MP3tunes、iTunesに「穴」を開けるストレージサービス「Oboe」立ち上げ

 MP3.com、Linspireの創始者でiTunes対抗に意欲を燃やすマイケル・ロバートソン氏率いるMP3tunesは11月30日、iTunesなどの音楽ライブラリをオンライン上に保存し利用することができる「Oboe」というサービスを開始した。

 MP3tunesのマイケル・ロバートソンCEOは、「5年もすれば、すべての音楽コレクションをどこにでも持ち歩くのはポケットいっぱいにニッケル銅貨をつめこむのと同じくらい古くさい行為とみなされるようになるだろう。自分の音楽は安全な状態でオンラインに置いておき、音楽を聴く時にはどこからでも同期したりストリーミング再生したりする方が理にかなっている」と述べている。

 OboeはMac OS X、Windows、Linuxの各プラットフォームに対応し、Oboeソフトウェア、Firefox用プラグインにより、オンラインストレージに保存した楽曲のストリーミング再生、デバイスとの同期(これは有償版のみ)などが可能になる。iTunesからオンライン上のストレージを透過的に操作できるプラグインも用意されている。

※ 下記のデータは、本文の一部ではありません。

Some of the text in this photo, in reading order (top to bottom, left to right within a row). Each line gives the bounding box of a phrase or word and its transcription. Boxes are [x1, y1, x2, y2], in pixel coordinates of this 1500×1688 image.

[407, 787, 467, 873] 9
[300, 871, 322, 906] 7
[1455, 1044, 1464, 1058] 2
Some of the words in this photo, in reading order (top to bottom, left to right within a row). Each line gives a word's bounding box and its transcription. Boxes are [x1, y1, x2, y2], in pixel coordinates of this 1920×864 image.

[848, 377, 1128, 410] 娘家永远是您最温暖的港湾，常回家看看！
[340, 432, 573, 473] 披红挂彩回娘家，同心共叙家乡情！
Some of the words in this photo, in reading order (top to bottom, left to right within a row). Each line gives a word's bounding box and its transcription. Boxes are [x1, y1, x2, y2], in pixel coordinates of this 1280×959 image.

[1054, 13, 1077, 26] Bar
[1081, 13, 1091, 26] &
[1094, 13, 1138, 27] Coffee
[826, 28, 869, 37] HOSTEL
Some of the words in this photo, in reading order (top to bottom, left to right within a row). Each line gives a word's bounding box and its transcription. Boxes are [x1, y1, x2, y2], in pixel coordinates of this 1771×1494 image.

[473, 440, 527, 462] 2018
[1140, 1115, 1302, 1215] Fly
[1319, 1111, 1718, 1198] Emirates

 このオンラインストレージをMP3tunesでは「オンラインロッカー」と呼んでおり、自分のアカウントを使ってログインしたPCから保存した楽曲をストリーミング再生することができる。対応音楽フォーマットはMP3、WMA、AAC、Ogg Vorbis。

 有償版はデバイスとの同期、無制限のストレージ容量とトラフィック、高音質でのストリーミング再生といった特典があり、年会費39.95ドル。

 iTunesからオンラインストレージへのアクセスにはAppleが開発したネットワーク接続プロトコルBonjour(旧名称Rendezvous)を使い、アップロードされた楽曲はiTunesの「共有されている音楽」項目の「Oboe Locker」に表示され、楽曲、プレイリストのストリーミング再生が可能になる。

 しかし、この音楽共有機能は本来、同一セグメント内に制限されているもので、Oboeはこの機能に「穴を開けた」と言える。iTunes 4から導入されたこの機能は当初、インターネット上の全アドレスで使える仕様だったが、音楽海賊行為の懸念が生じたため、LAN内でのみ機能するよう制限がかけられている

 iTunesのDRMをクラックしたことでも知られるノルウェーの著名ハッカー、「DVDヨン」ことヨン・ヨハンセン氏が、このMP3tunesに入社し、Oboeプロジェクトに従事していることがロバートソン氏のブログで公表されている。